What is a Yoga Cooldown, and do you Really Need One?
Many of the soothing asanas (postures) we do in the last 10 minutes of yoga are already considered a cool-down because you’re probably already stretching on the floor with hip openers and other floor work. stretching. “After every workout, start holding poses longer and gradually decrease intensity,” recommended certified yoga instructor Johnny Anzalone, who teaches yoga at Equinox and Sports Club/LA in New York City.
Some yoga instructors believe the most effective cool-down portion of class should assimilate inversions (going upside-down in Headstand or Shoulderstand, for instance) to reverse the flow of blood leading to your head and heart – improve mental concentration and energy.

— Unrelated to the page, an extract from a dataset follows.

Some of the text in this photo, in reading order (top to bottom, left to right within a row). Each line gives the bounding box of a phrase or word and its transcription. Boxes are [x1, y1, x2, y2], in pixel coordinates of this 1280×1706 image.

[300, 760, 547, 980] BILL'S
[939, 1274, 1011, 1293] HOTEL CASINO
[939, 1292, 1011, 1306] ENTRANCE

“An efficient cool-down slows your pace and rhythm. It can feature chanting or meditation, core work and deeper flexibility of the spine, back, legs and hips,” said Anzalone, a professor of dance and musical theater at NY University.
Her are Anzalone’s favorite cool-down stretches; hold each side for 60 seconds or more:
1. Thread the Needle (relaxes hips, buttocks, legs, lower back)
Lie back and cross right ankle above left knee, and straighten left leg. Grasp left hamstrings with both hands and draw left knee toward chest, holding the back of the left thigh with both hands. Hold the stretch, and circle ankles in both directions and point/flex the feet. Switch sides, and repeat.
2. Spinal Twist (targets abs, back, core, shoulders, waistline)
Lie back and bend both knees to the right, lying with legs together and hips stacked on the floor. Use your right hand on the top leg to deepen the stretch and breathe deeply, stretching the left arm out. Return to center and switch sides, bringing knees to the left side and repeat the stretch to the right shoulder.
Other examples of cool-down asanas on the floor are Knees-into-Chest stretch, gentle twists from a seated position and finally, Corpse Pose, or Savasana. In this final pose, lie back and relax with your eyes closed for several minutes to cultivate calmness and transition into the real world.